Getting started¶
Installation¶
$ pip install kinto
You can use Kinto-Core by doing import kinto.core in your application.
More details about installation and storage backend is provided in a dedicated section.
Start a Pyramid project¶
As detailed in Pyramid documentation, create a minimal application, or use its scaffolding tool:
$ pcreate -s starter MyProject
Include Kinto-Core¶
In the application main file (e.g. MyProject/myproject/__init__.py),
just add some extra initialization code:
import pkg_resources
import kinto.core
from pyramid.config import Configurator
# Module version, as defined in PEP-0396.
__version__ = pkg_resources.get_distribution(__package__).version
def main(global_config, **settings):
config = Configurator(settings=settings)
kinto.core.initialize(config, __version__, 'myproject')
return config.make_wsgi_app()
By doing that, basic features like authentication, monitoring, error formatting,
deprecation indicators are now available, and rely on configuration present
in development.ini.
Run!¶
With some backends, like PostgreSQL, some tables and indices have to be created. A generic command is provided to accomplish this:
$ kinto --ini development.ini migrate
Like any Pyramid application, it can be served locally with:
$ pserve development.ini --reload
A hello view is now available at http://localhost:6543/v0/ (As well as basic endpoints like the utilities).
The next steps will consist in building a custom application using Cornice or the Pyramid ecosystem.
But most likely, it will consist in defining REST resources using Kinto-Core‘s Python API !
Authentication¶
Currently, if no authentication is set in settings, Kinto-Core relies on Basic Auth. It will associate a unique user id for every user/password combination.
Using HTTPie, it is as easy as:
$ http -v http://localhost:6543/v0/ --auth user:pass
Note
In the case of Basic Auth, there is no need of registering a user/password. Pick any combination, and include them in each request.
Define resources¶
In order to define a resource, inherit from kinto.core.resource.UserResource,
in a subclass, in myproject/views.py for example:
from kinto.core import resource
@resource.register()
class Mushroom(resource.UserResource):
# No schema yet.
pass
In application initialization, make Pyramid aware of it:
def main(global_config, **settings):
config = Configurator(settings=settings)
kinto.core.initialize(config, __version__, 'myproject')

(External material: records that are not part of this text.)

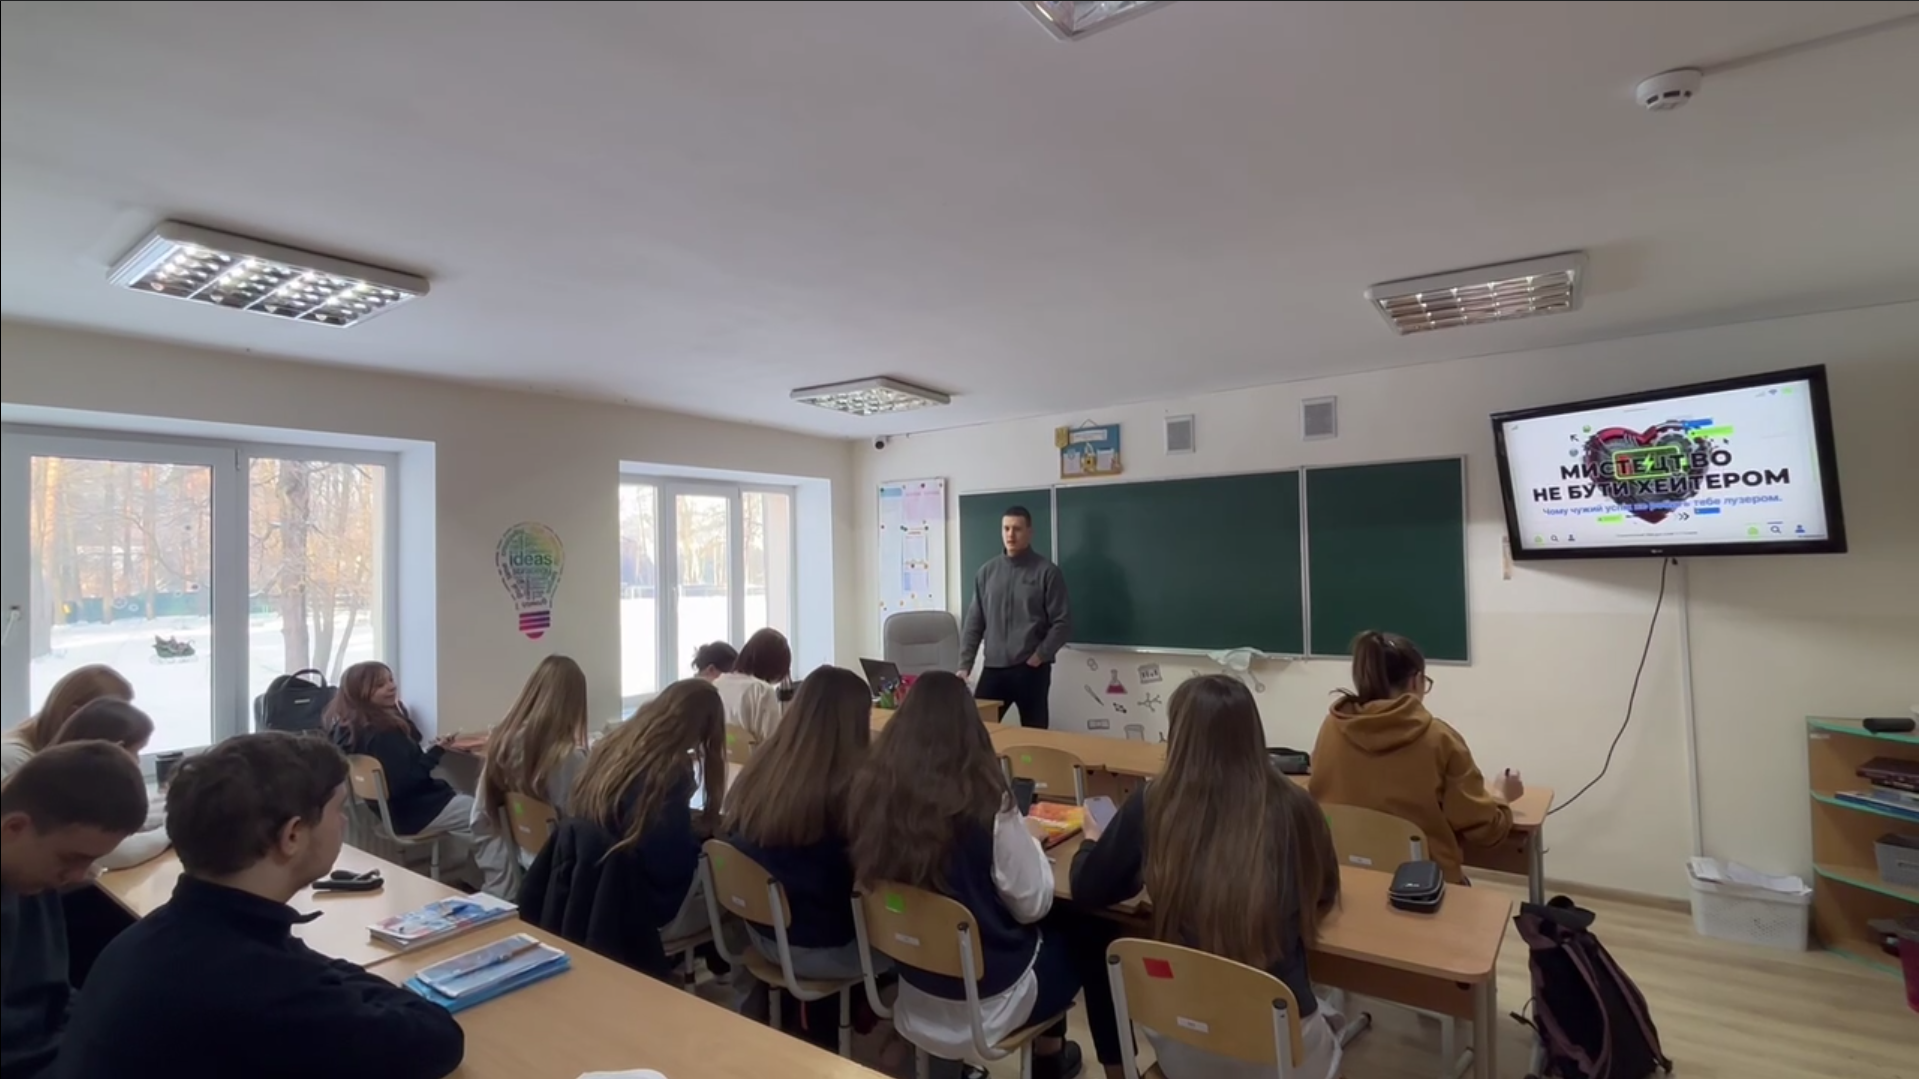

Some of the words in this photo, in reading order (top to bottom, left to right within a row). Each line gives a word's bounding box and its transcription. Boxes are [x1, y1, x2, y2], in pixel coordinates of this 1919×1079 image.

[1560, 449, 1732, 480] МИСТЕЦТВО
[1533, 486, 1562, 502] НЕ
[1567, 481, 1629, 500] БУТИ
[1638, 467, 1790, 494] ХЕЙТЕРОМ
[1543, 506, 1568, 516] Чому
[1571, 505, 1603, 515] чужий
[1694, 497, 1722, 507] тебе
[1724, 494, 1782, 507] лузером.
[509, 551, 553, 566] ideas

config.scan("myproject.views")
return config.make_wsgi_app()
In order to bypass the installation and configuration of Redis or PostgreSQL,
specify the «in-memory» backends in development.ini:
# development.ini
myproject.cache_backend = kinto.core.cache.memory
myproject.storage_backend = kinto.core.storage.memory
myproject.permission_backend = kinto.core.permission.memory
A Mushroom resource API is now available at the /mushrooms/ URL.
It will accept a bunch of REST operations (GET, POST, ...).
The next step consists in attaching a schema to the resource, to control what fields are accepted and stored.
Schema validation¶
It is possible to validate records against a predefined schema, associated to the resource.
Currently, only Colander is supported, and it looks like this:
import colander
from kinto.core import resource
class MushroomSchema(resource.ResourceSchema):
name = colander.SchemaNode(colander.String())
class Options:
preserve_unknown = False # Fails if field is unknown!
@resource.register()
class Mushroom(resource.UserResource):
mapping = MushroomSchema()
Enable middleware¶
In order to enable WSGI middleware, wrap the application in the project main function:
def main(global_config, **settings):
config = Configurator(settings=settings)
kinto.core.initialize(config, __version__, 'myproject')
config.scan("myproject.views")
app = config.make_wsgi_app()
return kinto.install_middlewares(app, settings)
What’s next ?¶
Resource customization¶
See the resource documentation to specify custom URLs, schemaless resources, read-only fields, record pre-processing...
Advanced initialization¶
-
kinto.core.initialize(config, version=None, project_name='', default_settings=None)¶ Initialize kinto.core with the given configuration, version and project name.
This will basically include kinto.core in Pyramid and set route prefix based on the specified version.
Parameters: - config (Configurator) – Pyramid configuration
- version (str) – Current project version (e.g. ‘0.0.1’) if not defined in application settings.
- project_name (str) – Project name if not defined in application settings.
- default_settings (dict) – Override kinto.core default settings values.
Beyond Kinto-Core¶
Kinto-Core is just a component! The application can still be built and extended using the full Pyramid ecosystem.